Today’s infantryman (or, rather, infantryperson) carries around a dozen pounds of batteries, according to Chris Hurley, battery development team leader at the U.S. Army’s Communications-Electronics Research, Development and Engineering Center (CERDEC). ”If we can cut down on the need for batteries, we’re saving fuel costs with the convoys that have to deliver these items to the field,” Hurley told Mashable.
More importantly, wearable solar could save lives: as documented in Navigant Research’s report, Renewable Energy for Military Applications, in forward operating theaters like Afghanistan, one of the most dangerous assignments is delivering fuel (and batteries) to soldiers in the field.

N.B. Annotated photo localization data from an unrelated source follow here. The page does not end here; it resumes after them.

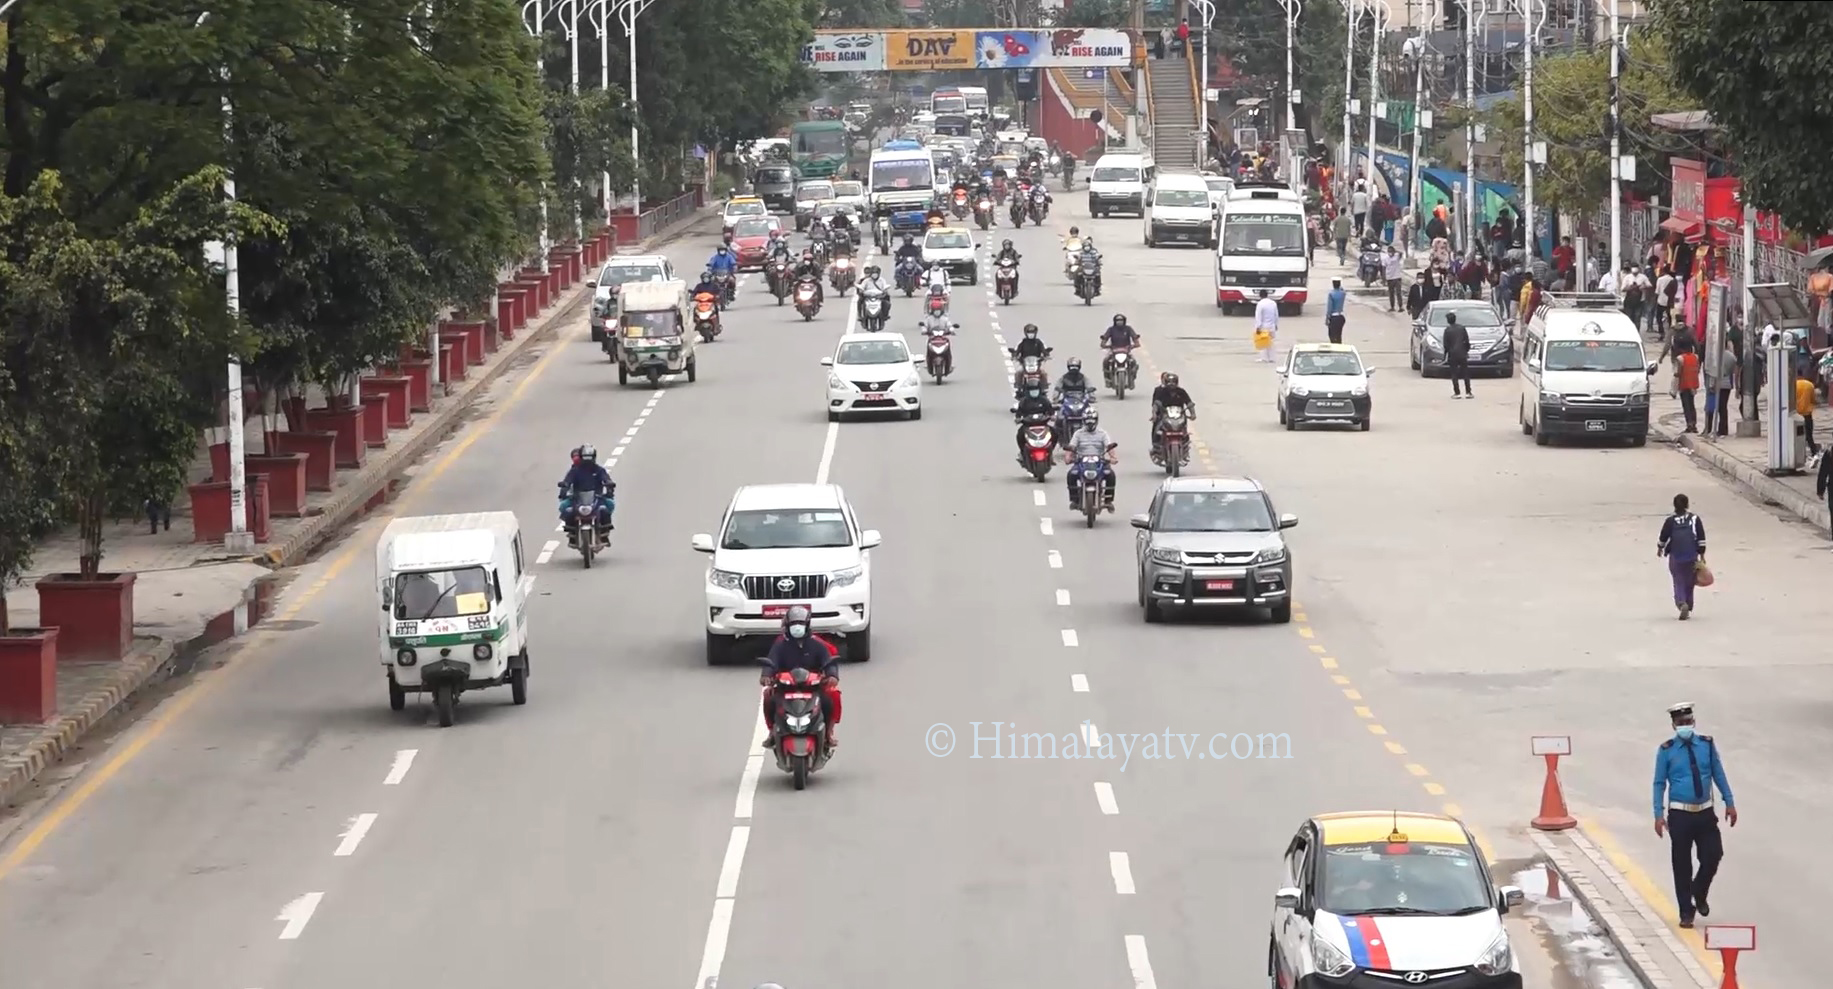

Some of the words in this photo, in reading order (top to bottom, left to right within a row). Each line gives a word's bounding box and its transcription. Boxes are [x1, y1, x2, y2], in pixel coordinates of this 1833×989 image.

[908, 38, 955, 56] DAV
[1072, 47, 1093, 57] RISE
[1094, 46, 1123, 57] AGAIN
[815, 51, 836, 62] RISE
[838, 51, 866, 62] AGAIN

CERDEC is looking for other innovative, lightweight ways to provide what it calls “Soldier Power,” including kinetic energy. Bionic Power, a Vancouver-based startup, has developed a knee brace that would capture the kinetic energy of a marching soldier and supply it to portable devices. Called the PowerWalk M-Series, the brace could supply up to 12 watt-hours of electricity, enough to charge two or three smartphones. The lightweight device would be another step forward for the technology movement examined in Navigant Research’s report, Energy Harvesting.

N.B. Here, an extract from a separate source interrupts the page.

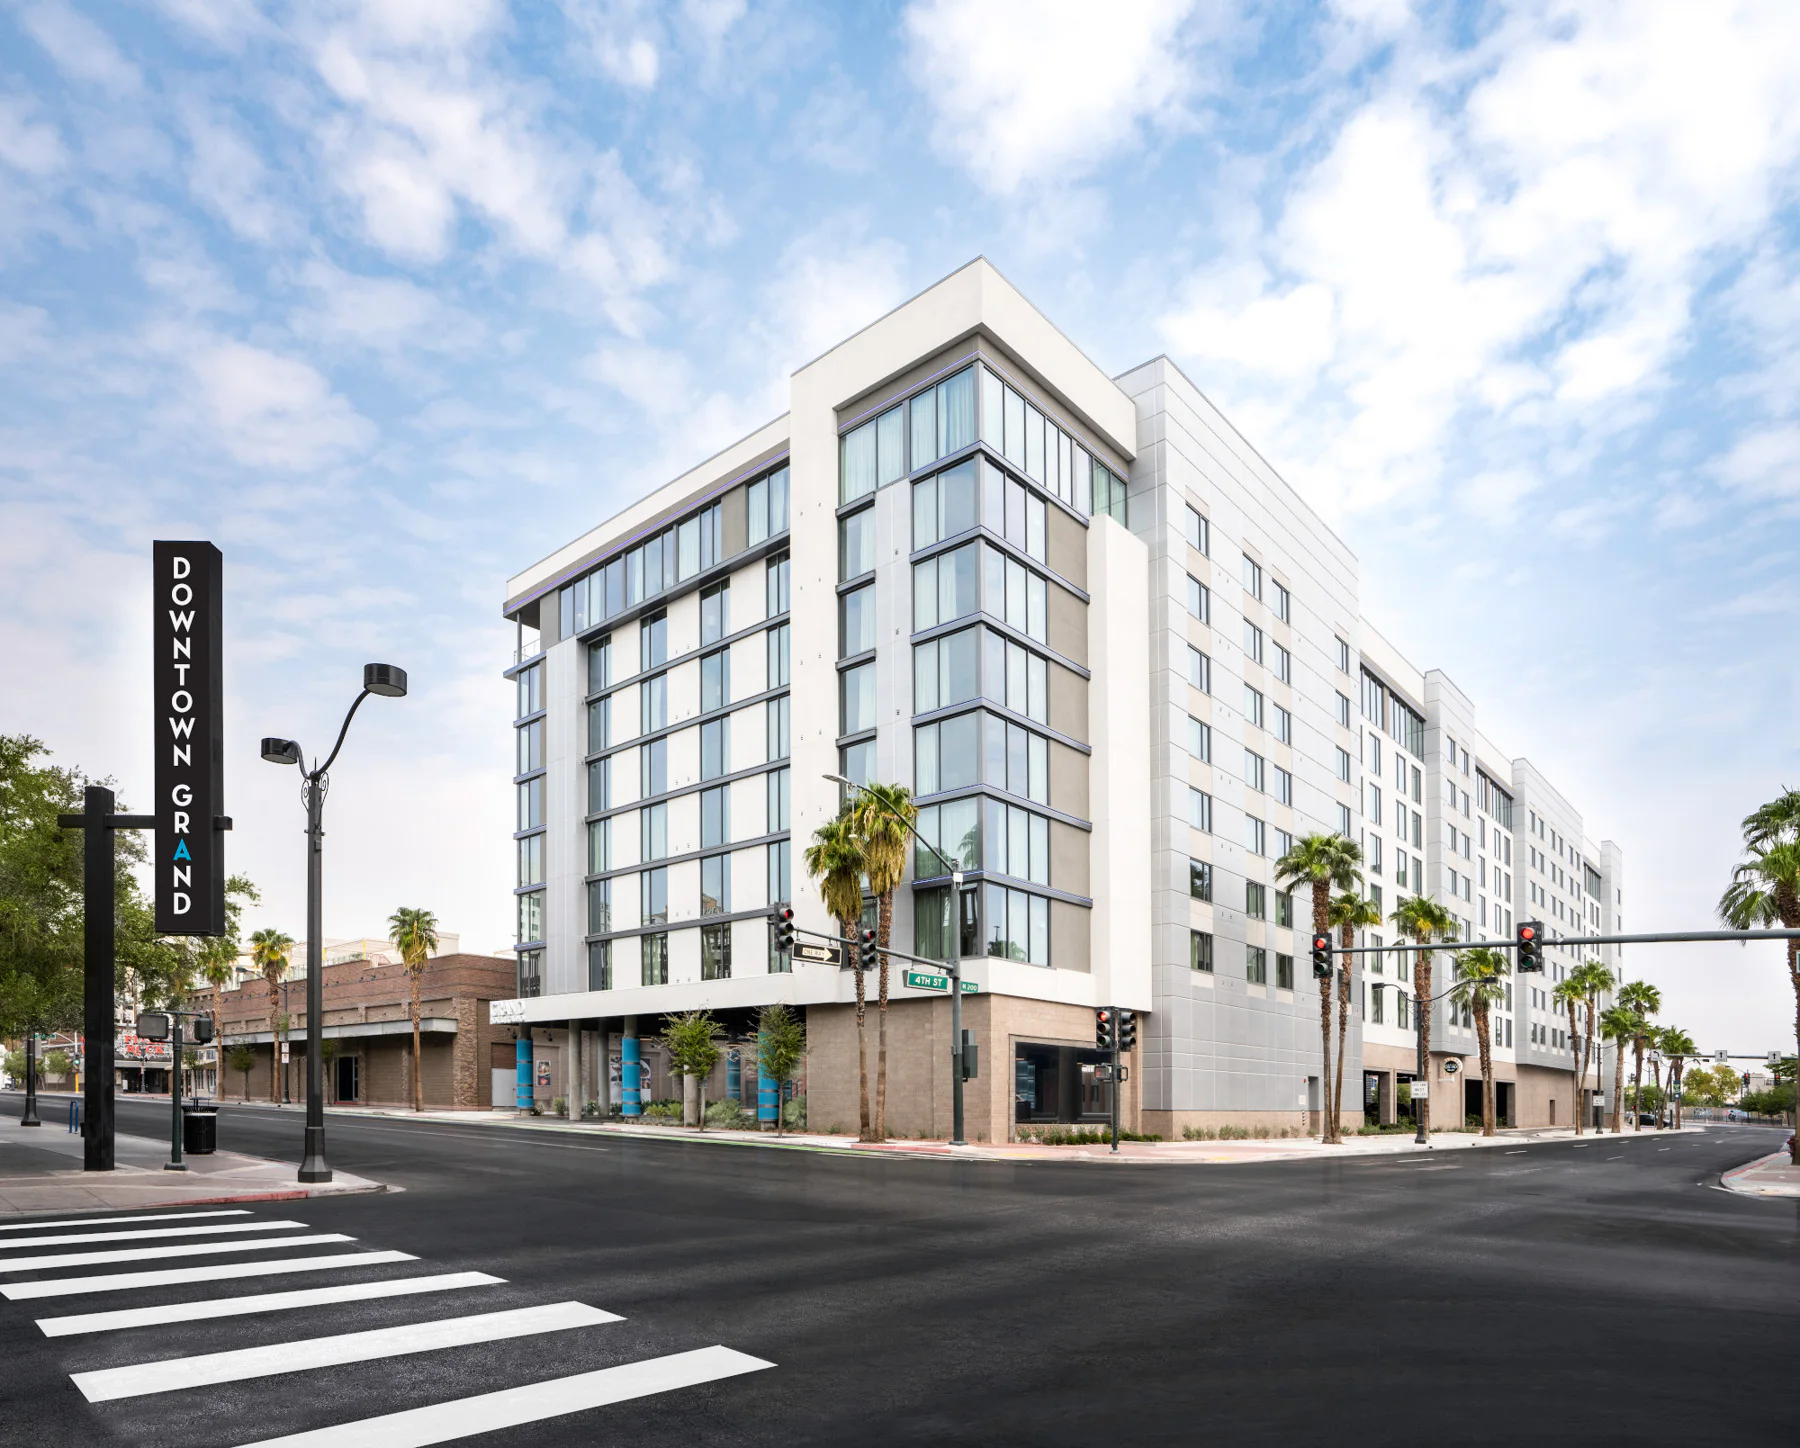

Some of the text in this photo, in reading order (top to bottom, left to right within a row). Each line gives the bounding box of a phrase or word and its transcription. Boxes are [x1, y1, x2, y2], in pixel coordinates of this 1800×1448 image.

[169, 556, 195, 915] DOWNTOWN GRAND
[915, 976, 943, 987] 4TH ST
[126, 1045, 165, 1056] ROCK

Last year Bionic Power announced that it has secured contracts with the Army, the Defense Advanced Research Projects Agency, and the Canadian Department of Defense to test the PowerWalk.
Paging Tony Stark
The eventual goal, naturally, is an Iron Man-style exoskeleton that can collect its own energy, enhance the wearer’s physical capabilities, and supply data and communications from integrated devices. Known as the Tactical Assault Light Operator Suit, or TALOS, the superhero armor is being developed by universities and commercial labs under the direction of the Pentagon’s Special Operations Command. TALOS was first announced by the perfectly named Admiral Bill McRaven, the commanding officer of the Special Ops branch, earlier this year. It’s still somewhat theoretical – a prototype is not expected for at least 3 years – but it’s already spawning some potentially powerful innovations in materials research.

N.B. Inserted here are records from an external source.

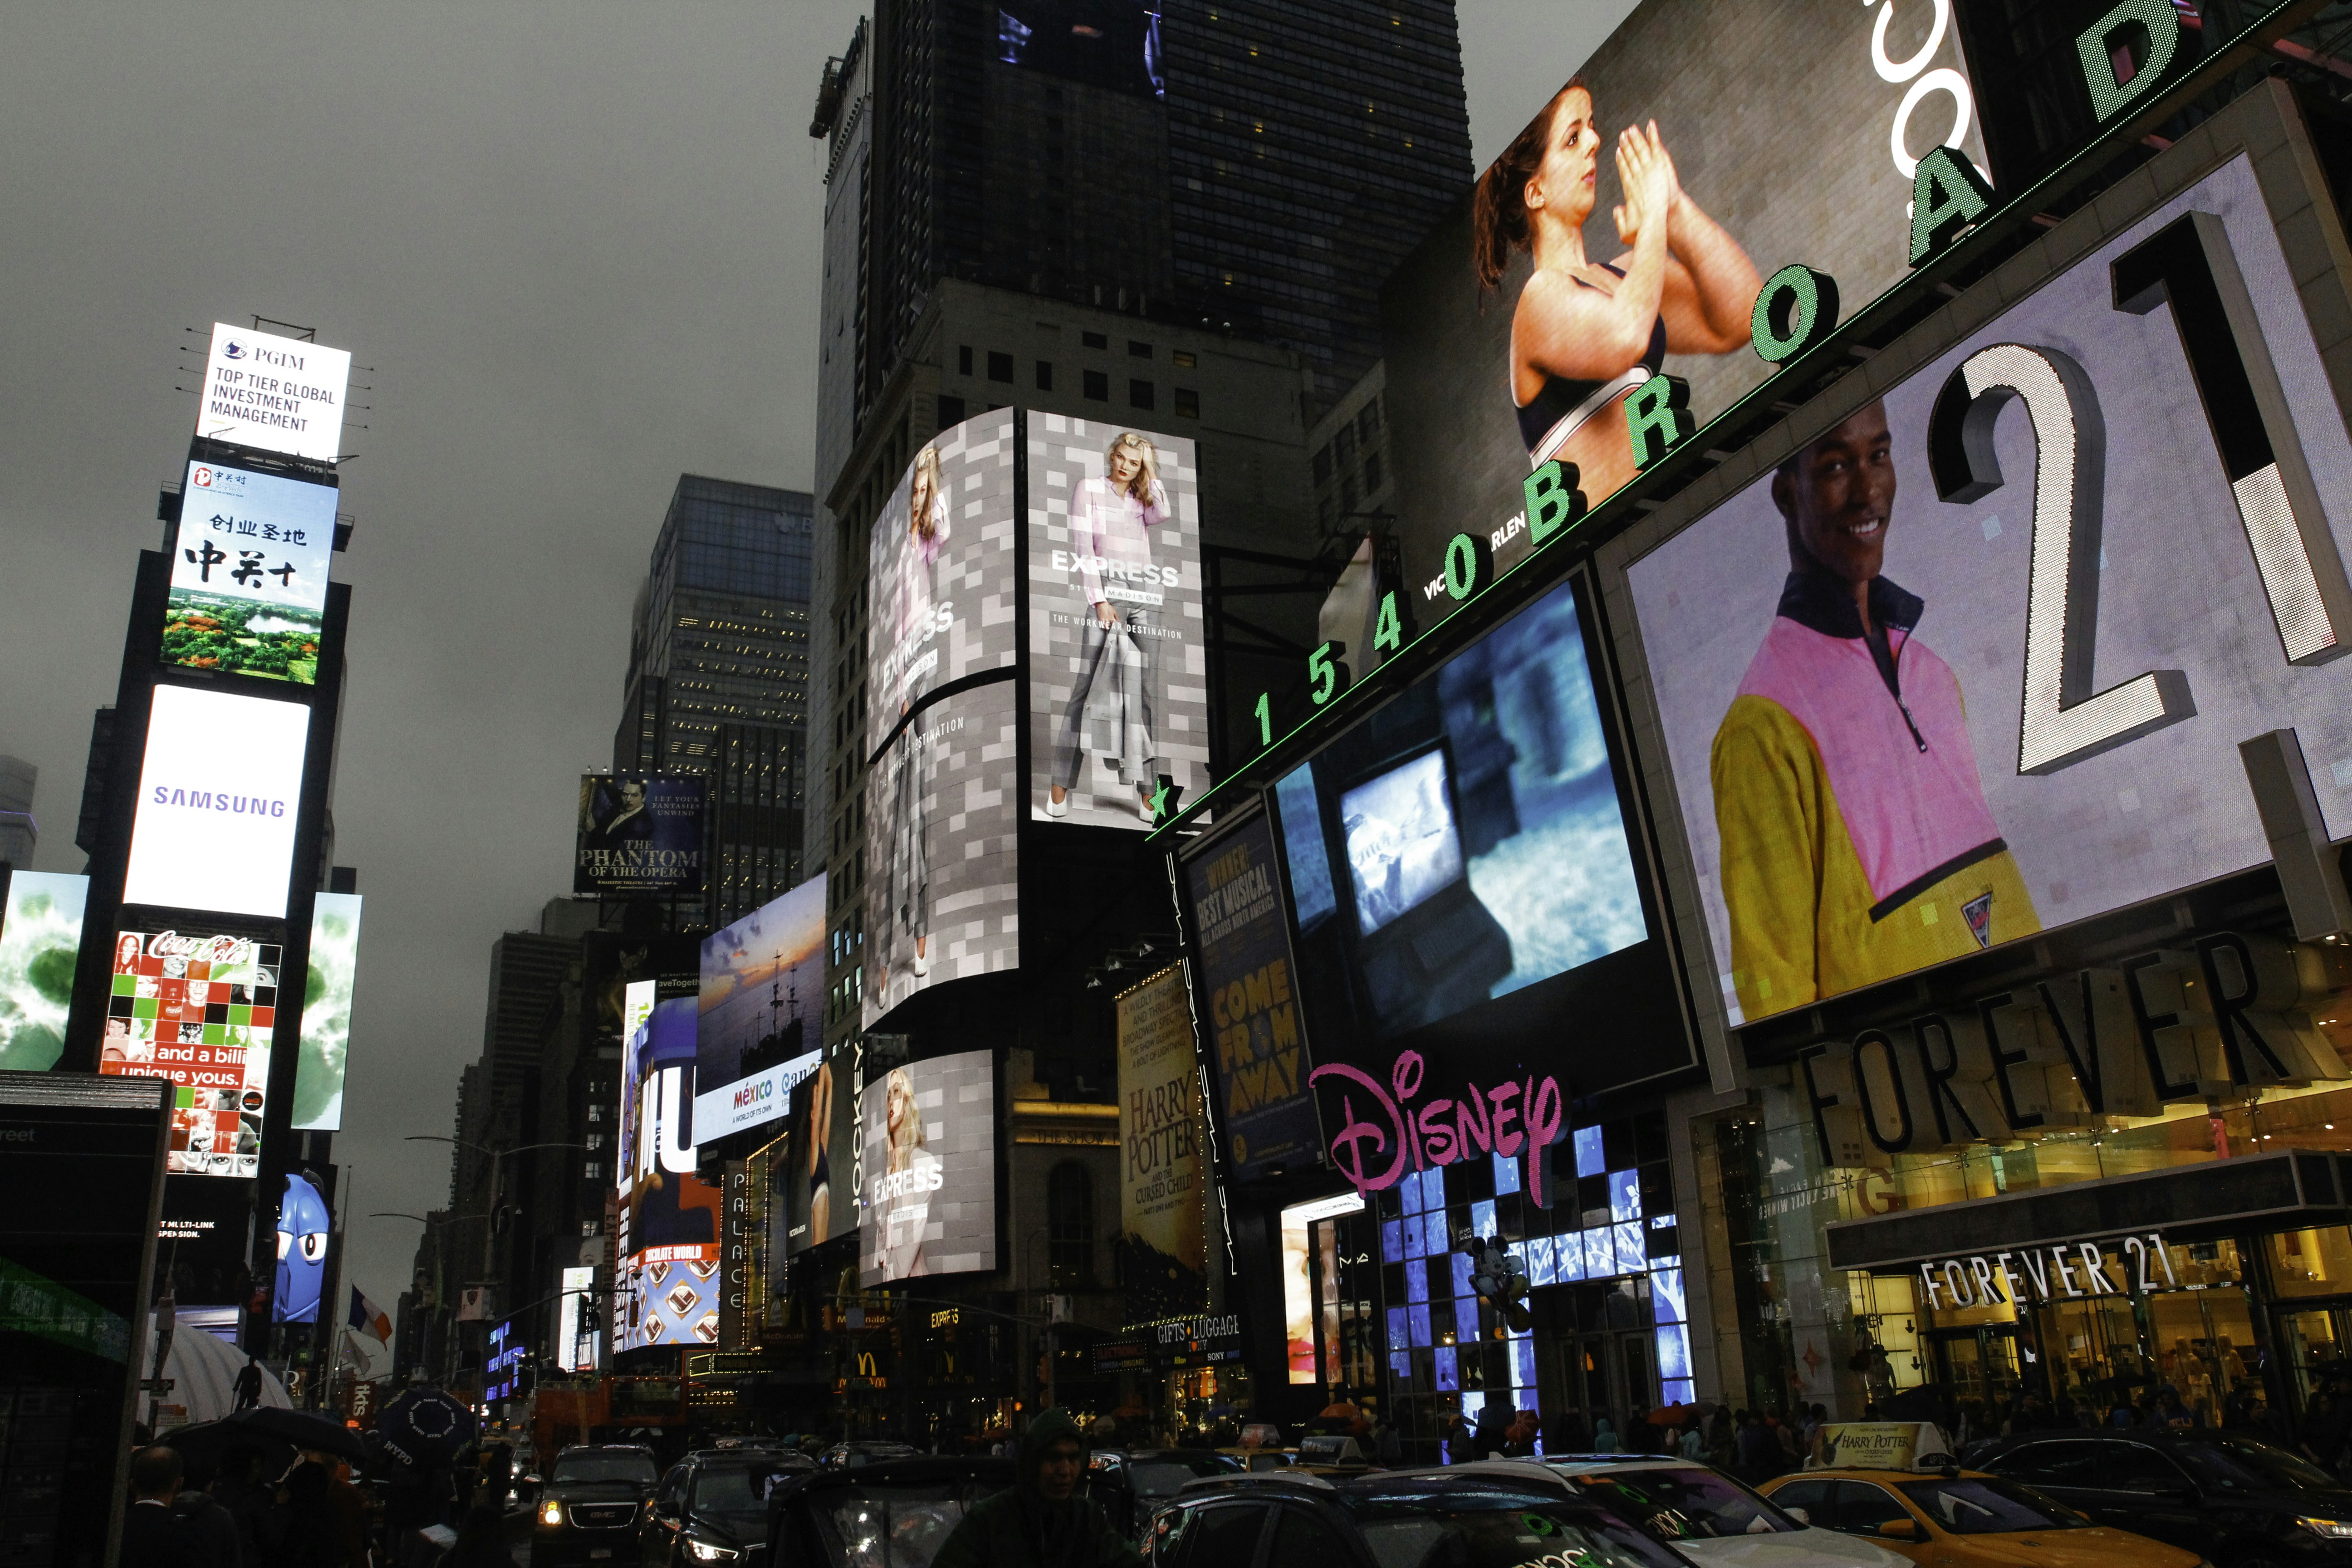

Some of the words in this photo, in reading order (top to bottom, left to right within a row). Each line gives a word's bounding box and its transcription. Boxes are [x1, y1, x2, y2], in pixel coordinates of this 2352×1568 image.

[255, 348, 305, 370] PGIM
[214, 384, 301, 413] INVESTMENT
[216, 368, 243, 383] TOP
[249, 374, 279, 392] TIER
[284, 382, 334, 404] GLOBAL
[211, 401, 308, 431] MANAGEMENT
[1927, 210, 2343, 776] 21
[209, 514, 307, 546] 创业圣地
[1052, 549, 1180, 587] EXPRESS
[1108, 590, 1160, 603] MADISON
[1054, 614, 1068, 624] THE
[1073, 617, 1122, 631] WORKWEAR
[1127, 624, 1181, 639] DESTINATION
[154, 786, 284, 817] SAMSUNG
[624, 840, 653, 850] THE
[579, 849, 699, 867] PHANTOM
[589, 867, 608, 877] OF
[611, 867, 638, 877] THE
[641, 867, 687, 878] OPERA
[1196, 891, 1221, 931] BEST
[1222, 863, 1272, 916] MUSICAL
[1213, 957, 1290, 1029] COME
[1133, 1011, 1147, 1025] AND
[1122, 1021, 1157, 1047] BROADWAY
[157, 1047, 194, 1062] and
[198, 1052, 210, 1063] a
[1130, 1046, 1139, 1056] THE
[1140, 1039, 1154, 1052] SHOW
[1150, 1050, 1156, 1061] OF
[1798, 931, 2291, 1166] FOREVER
[191, 1071, 239, 1086] yous.
[1229, 1046, 1299, 1118] AWAY
[735, 1113, 749, 1123] WORLD
[762, 1104, 772, 1113] OWN
[1129, 1070, 1192, 1134] HARRY
[1128, 1117, 1202, 1183] POTTER
[874, 1163, 943, 1205] EXPRESS
[1152, 1171, 1162, 1182] AND
[1163, 1168, 1172, 1178] THE
[1136, 1183, 1165, 1204] CURSED
[1167, 1174, 1193, 1195] CHILD
[1143, 1206, 1155, 1215] PARTS
[1156, 1204, 1164, 1212] ONE
[1165, 1201, 1174, 1210] AND
[1175, 1198, 1185, 1208] TWO
[645, 1247, 672, 1262] CHOCOLATE
[673, 1245, 702, 1259] WORLD
[730, 1174, 744, 1308] PALACE
[1921, 1243, 2114, 1310] FOREVER
[2124, 1234, 2176, 1290] 21
[837, 1315, 892, 1324] Mnald's
[1158, 1322, 1185, 1344] GIFTS
[1192, 1315, 1240, 1340] LUGGAGE
[1207, 1352, 1224, 1361] SONY
[353, 1384, 371, 1416] tkts
[383, 1441, 413, 1465] NYPD
[1842, 1436, 1874, 1448] HARRY
[1874, 1435, 1909, 1448] POTTER
[1929, 1455, 1946, 1465] 4P32

One of the most intriguing is a nanotech “liquid armor” that would morph on impact (i.e., when struck by a bullet) from a flexible fabric into an impenetrable shell. “It transitions when you hit it hard,” Norman Wagner, a professor of chemical engineering at the University of Delaware, told NPR. “These particles organize themselves quickly, locally in a way that they can’t flow anymore and they become like a solid.”
On the Runway
The military, of course, is not the only field interested in wearable solar and other futuristic forms of apparel. The fashion world is forging ahead in this area as well. The Wearable Solar project, launched by Christiaan Holland from the HAN University of Applied Sciences, in the Netherlands, collaborating with solar energy developers and fashion designer Pauline van Dongen, has produced a line of dresses with built-in solar cells.
“Wearable Solar is about integrating solar cells into fashion, so by augmenting a garment with solar cells the body can be an extra source of energy,” Van Dongen told the online fashion magazine Dezeen at the Wearable Futures conference, in London.